# Work required
Give the line containing "this 801×1600 image." again, exactly, along with all later lines of the entries, through the last one.

Records from a data source:
*** Block opens ***

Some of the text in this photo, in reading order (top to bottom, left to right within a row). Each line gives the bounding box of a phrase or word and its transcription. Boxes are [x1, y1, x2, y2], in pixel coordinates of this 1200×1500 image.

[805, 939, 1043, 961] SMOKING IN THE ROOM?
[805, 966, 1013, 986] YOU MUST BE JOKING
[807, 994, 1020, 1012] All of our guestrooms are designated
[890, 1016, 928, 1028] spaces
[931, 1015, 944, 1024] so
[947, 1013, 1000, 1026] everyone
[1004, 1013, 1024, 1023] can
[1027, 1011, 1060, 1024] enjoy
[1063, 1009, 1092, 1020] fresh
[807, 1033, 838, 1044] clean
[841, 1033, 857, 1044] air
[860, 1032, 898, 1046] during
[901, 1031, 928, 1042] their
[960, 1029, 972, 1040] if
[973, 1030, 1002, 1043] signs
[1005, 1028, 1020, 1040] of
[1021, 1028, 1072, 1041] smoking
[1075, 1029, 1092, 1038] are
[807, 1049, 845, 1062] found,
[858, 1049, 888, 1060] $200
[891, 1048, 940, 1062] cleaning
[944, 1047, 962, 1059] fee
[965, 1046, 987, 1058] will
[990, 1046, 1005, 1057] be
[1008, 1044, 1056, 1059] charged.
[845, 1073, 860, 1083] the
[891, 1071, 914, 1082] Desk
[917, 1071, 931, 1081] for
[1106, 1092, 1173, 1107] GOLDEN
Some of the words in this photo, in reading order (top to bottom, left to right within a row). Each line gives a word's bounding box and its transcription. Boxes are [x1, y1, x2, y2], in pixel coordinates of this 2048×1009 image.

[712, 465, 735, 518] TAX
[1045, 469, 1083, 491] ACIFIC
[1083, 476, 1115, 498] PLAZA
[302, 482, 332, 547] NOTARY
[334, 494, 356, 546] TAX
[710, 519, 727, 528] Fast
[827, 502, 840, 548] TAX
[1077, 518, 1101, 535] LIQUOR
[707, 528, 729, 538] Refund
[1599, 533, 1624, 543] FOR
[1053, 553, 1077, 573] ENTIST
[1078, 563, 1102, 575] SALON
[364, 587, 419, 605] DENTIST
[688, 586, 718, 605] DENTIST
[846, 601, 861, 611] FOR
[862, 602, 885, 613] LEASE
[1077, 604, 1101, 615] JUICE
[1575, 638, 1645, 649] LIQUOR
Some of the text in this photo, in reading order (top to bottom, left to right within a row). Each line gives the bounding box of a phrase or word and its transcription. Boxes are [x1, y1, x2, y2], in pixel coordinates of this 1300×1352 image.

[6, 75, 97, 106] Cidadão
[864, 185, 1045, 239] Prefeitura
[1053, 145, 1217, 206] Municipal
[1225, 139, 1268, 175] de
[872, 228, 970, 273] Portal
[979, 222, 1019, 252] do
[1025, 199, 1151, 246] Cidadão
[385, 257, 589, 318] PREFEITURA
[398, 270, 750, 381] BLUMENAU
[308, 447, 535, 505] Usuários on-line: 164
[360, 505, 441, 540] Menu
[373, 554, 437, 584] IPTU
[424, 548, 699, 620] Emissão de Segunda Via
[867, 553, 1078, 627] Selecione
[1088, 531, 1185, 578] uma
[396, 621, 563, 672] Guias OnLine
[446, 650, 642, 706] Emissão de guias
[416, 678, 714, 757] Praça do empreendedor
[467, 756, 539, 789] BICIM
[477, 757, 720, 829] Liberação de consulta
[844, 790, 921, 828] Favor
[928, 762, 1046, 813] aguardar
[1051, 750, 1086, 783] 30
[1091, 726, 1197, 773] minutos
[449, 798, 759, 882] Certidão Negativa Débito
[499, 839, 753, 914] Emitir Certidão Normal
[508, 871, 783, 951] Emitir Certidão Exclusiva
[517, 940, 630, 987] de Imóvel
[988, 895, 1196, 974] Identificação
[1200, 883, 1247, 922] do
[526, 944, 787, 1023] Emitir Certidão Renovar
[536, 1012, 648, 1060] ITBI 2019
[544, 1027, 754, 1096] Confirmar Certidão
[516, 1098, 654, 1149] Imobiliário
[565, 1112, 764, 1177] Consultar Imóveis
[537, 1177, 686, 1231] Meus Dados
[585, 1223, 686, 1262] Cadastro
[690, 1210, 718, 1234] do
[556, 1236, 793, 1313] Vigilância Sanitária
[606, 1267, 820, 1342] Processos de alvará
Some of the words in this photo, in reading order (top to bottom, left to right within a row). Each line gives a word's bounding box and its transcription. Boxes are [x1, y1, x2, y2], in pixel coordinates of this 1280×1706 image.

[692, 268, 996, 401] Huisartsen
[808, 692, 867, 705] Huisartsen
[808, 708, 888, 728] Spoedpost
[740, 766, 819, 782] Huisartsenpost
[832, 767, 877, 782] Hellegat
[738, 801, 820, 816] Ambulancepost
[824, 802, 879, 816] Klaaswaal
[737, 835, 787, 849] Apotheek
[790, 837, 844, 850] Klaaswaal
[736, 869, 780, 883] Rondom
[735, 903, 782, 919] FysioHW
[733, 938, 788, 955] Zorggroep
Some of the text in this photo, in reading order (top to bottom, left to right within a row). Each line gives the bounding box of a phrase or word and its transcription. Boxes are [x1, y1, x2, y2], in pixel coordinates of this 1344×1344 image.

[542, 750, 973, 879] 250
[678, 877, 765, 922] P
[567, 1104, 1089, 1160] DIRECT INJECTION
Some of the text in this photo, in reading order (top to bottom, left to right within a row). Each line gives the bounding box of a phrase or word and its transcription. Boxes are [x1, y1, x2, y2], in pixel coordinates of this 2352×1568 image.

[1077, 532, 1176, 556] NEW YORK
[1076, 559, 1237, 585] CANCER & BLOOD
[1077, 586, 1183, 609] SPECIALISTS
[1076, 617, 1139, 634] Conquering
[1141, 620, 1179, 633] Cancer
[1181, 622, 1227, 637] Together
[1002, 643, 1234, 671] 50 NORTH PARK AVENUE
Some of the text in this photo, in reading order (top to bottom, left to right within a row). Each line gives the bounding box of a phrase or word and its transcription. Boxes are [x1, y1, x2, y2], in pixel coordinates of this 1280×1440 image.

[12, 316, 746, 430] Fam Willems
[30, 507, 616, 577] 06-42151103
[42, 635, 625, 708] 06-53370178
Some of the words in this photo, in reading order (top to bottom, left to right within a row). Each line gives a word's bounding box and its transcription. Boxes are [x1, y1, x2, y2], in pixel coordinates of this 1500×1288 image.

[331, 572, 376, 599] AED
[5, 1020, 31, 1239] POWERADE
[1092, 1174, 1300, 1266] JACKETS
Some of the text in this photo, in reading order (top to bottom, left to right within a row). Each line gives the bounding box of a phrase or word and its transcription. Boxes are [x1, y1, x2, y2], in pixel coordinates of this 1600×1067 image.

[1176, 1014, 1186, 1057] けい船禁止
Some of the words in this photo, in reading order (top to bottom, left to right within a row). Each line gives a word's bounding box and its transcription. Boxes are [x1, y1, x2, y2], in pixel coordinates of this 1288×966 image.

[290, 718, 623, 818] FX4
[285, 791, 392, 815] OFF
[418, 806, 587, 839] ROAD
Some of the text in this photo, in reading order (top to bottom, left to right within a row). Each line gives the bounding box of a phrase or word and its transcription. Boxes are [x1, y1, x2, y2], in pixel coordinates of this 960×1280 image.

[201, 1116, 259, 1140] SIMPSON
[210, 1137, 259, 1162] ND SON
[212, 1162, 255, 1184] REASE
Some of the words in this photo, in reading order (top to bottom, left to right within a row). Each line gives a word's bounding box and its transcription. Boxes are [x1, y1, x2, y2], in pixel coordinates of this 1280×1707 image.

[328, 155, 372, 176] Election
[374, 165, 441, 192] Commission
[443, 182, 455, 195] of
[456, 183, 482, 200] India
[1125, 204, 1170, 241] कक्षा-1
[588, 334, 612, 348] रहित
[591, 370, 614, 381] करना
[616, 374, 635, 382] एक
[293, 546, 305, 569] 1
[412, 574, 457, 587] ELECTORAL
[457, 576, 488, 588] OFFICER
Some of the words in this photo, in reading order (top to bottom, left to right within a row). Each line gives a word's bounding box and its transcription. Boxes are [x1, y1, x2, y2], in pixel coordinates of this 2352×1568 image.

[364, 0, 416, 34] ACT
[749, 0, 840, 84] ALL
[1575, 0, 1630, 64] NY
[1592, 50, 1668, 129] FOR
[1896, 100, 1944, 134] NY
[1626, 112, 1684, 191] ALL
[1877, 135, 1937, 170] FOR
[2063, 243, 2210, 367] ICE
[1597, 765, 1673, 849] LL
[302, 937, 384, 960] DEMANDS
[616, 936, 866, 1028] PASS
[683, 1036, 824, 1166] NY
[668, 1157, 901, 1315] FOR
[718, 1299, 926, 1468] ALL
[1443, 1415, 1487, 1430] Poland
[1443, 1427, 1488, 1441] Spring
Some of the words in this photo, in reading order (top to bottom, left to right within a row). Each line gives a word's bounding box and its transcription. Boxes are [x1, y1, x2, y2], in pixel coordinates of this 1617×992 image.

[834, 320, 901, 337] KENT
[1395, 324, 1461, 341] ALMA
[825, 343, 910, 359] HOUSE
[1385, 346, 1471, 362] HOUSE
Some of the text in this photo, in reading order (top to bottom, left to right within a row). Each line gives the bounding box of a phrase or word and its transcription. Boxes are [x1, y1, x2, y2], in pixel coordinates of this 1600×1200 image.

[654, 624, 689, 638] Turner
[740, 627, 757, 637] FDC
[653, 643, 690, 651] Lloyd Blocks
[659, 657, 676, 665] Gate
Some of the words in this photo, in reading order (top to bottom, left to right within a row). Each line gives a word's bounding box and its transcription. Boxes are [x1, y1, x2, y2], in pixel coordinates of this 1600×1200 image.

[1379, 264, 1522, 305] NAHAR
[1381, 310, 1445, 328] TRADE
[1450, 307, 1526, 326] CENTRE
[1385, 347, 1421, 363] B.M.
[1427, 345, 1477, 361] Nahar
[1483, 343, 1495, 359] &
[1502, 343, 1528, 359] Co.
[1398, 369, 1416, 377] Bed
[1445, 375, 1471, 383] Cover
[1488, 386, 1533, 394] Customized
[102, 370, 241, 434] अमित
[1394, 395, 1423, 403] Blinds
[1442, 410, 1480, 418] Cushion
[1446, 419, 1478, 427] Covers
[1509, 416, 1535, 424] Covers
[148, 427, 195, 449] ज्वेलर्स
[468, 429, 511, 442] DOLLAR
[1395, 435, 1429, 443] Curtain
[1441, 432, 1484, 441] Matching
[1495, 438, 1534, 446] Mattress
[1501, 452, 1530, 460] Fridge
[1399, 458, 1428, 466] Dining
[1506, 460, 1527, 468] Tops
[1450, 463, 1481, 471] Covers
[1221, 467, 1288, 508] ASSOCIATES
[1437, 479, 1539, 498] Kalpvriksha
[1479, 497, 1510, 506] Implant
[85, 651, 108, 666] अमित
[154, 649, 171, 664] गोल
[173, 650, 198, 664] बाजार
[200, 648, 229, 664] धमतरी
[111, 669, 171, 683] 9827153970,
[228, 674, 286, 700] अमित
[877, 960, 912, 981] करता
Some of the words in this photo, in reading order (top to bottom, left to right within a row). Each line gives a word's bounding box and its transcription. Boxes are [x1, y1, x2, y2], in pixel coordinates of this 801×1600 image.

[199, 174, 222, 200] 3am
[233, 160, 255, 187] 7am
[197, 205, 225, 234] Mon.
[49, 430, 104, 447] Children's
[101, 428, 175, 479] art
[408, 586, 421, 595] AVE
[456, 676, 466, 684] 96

*** Block closes ***

# Answer space
Some of the words in this photo, in reading order (top to bottom, left to right within a row). Each line gives a word's bounding box and its transcription. Boxes are [x1, y1, x2, y2], in pixel coordinates of this 801×1600 image.

[199, 174, 222, 200] 3am
[233, 160, 255, 187] 7am
[197, 205, 225, 234] Mon.
[49, 430, 104, 447] Children's
[101, 428, 175, 479] art
[408, 586, 421, 595] AVE
[456, 676, 466, 684] 96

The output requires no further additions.